**RECORDS PROVIDED:**

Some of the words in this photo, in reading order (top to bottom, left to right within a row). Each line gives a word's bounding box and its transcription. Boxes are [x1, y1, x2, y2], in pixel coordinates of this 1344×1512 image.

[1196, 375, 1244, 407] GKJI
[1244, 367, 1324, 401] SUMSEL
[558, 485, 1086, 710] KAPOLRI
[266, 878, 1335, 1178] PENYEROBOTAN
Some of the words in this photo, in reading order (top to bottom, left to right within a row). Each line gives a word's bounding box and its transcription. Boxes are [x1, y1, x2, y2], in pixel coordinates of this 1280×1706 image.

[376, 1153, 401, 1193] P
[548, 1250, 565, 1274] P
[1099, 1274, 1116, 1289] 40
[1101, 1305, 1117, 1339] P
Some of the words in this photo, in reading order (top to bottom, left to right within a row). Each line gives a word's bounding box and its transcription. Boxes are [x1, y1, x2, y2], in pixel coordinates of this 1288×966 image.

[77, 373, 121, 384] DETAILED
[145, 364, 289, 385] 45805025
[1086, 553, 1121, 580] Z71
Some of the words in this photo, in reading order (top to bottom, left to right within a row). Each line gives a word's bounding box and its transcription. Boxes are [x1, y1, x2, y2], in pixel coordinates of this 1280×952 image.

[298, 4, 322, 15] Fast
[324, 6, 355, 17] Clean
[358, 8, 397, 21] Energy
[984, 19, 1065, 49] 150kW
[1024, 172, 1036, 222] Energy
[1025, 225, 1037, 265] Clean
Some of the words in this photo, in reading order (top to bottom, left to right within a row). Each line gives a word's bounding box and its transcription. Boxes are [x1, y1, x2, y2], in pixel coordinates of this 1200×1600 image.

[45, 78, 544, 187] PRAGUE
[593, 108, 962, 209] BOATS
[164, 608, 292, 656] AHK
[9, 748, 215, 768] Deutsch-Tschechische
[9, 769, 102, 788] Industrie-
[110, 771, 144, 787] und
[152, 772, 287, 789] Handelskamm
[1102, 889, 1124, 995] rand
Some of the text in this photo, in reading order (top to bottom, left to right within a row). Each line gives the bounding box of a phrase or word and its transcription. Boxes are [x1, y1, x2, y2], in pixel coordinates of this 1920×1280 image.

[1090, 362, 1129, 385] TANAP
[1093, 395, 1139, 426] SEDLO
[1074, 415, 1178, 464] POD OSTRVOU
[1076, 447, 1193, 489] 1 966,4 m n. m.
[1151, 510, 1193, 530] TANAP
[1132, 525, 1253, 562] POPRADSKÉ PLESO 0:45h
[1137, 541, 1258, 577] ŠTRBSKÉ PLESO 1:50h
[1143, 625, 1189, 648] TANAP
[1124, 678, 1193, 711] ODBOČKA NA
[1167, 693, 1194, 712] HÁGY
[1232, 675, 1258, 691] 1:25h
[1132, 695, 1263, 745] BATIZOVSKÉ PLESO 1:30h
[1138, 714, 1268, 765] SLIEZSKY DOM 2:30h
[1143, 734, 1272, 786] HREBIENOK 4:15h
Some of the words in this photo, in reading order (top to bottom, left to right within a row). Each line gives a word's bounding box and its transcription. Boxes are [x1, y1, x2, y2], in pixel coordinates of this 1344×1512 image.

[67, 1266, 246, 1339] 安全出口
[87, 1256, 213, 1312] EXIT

**DESCRIPTION OF THE TASK:** An exact transcription of all the records is required.

**TASK SOLUTION:**
Some of the words in this photo, in reading order (top to bottom, left to right within a row). Each line gives a word's bounding box and its transcription. Boxes are [x1, y1, x2, y2], in pixel coordinates of this 1344×1512 image.

[1196, 375, 1244, 407] GKJI
[1244, 367, 1324, 401] SUMSEL
[558, 485, 1086, 710] KAPOLRI
[266, 878, 1335, 1178] PENYEROBOTAN
Some of the words in this photo, in reading order (top to bottom, left to right within a row). Each line gives a word's bounding box and its transcription. Boxes are [x1, y1, x2, y2], in pixel coordinates of this 1280×1706 image.

[376, 1153, 401, 1193] P
[548, 1250, 565, 1274] P
[1099, 1274, 1116, 1289] 40
[1101, 1305, 1117, 1339] P
Some of the words in this photo, in reading order (top to bottom, left to right within a row). Each line gives a word's bounding box and its transcription. Boxes are [x1, y1, x2, y2], in pixel coordinates of this 1288×966 image.

[77, 373, 121, 384] DETAILED
[145, 364, 289, 385] 45805025
[1086, 553, 1121, 580] Z71
Some of the words in this photo, in reading order (top to bottom, left to right within a row). Each line gives a word's bounding box and its transcription. Boxes are [x1, y1, x2, y2], in pixel coordinates of this 1280×952 image.

[298, 4, 322, 15] Fast
[324, 6, 355, 17] Clean
[358, 8, 397, 21] Energy
[984, 19, 1065, 49] 150kW
[1024, 172, 1036, 222] Energy
[1025, 225, 1037, 265] Clean
Some of the words in this photo, in reading order (top to bottom, left to right within a row). Each line gives a word's bounding box and its transcription. Boxes are [x1, y1, x2, y2], in pixel coordinates of this 1200×1600 image.

[45, 78, 544, 187] PRAGUE
[593, 108, 962, 209] BOATS
[164, 608, 292, 656] AHK
[9, 748, 215, 768] Deutsch-Tschechische
[9, 769, 102, 788] Industrie-
[110, 771, 144, 787] und
[152, 772, 287, 789] Handelskamm
[1102, 889, 1124, 995] rand
Some of the text in this photo, in reading order (top to bottom, left to right within a row). Each line gives the bounding box of a phrase or word and its transcription. Boxes are [x1, y1, x2, y2], in pixel coordinates of this 1920×1280 image.

[1090, 362, 1129, 385] TANAP
[1093, 395, 1139, 426] SEDLO
[1074, 415, 1178, 464] POD OSTRVOU
[1076, 447, 1193, 489] 1 966,4 m n. m.
[1151, 510, 1193, 530] TANAP
[1132, 525, 1253, 562] POPRADSKÉ PLESO 0:45h
[1137, 541, 1258, 577] ŠTRBSKÉ PLESO 1:50h
[1143, 625, 1189, 648] TANAP
[1124, 678, 1193, 711] ODBOČKA NA
[1167, 693, 1194, 712] HÁGY
[1232, 675, 1258, 691] 1:25h
[1132, 695, 1263, 745] BATIZOVSKÉ PLESO 1:30h
[1138, 714, 1268, 765] SLIEZSKY DOM 2:30h
[1143, 734, 1272, 786] HREBIENOK 4:15h
Some of the words in this photo, in reading order (top to bottom, left to right within a row). Each line gives a word's bounding box and its transcription. Boxes are [x1, y1, x2, y2], in pixel coordinates of this 1344×1512 image.

[67, 1266, 246, 1339] 安全出口
[87, 1256, 213, 1312] EXIT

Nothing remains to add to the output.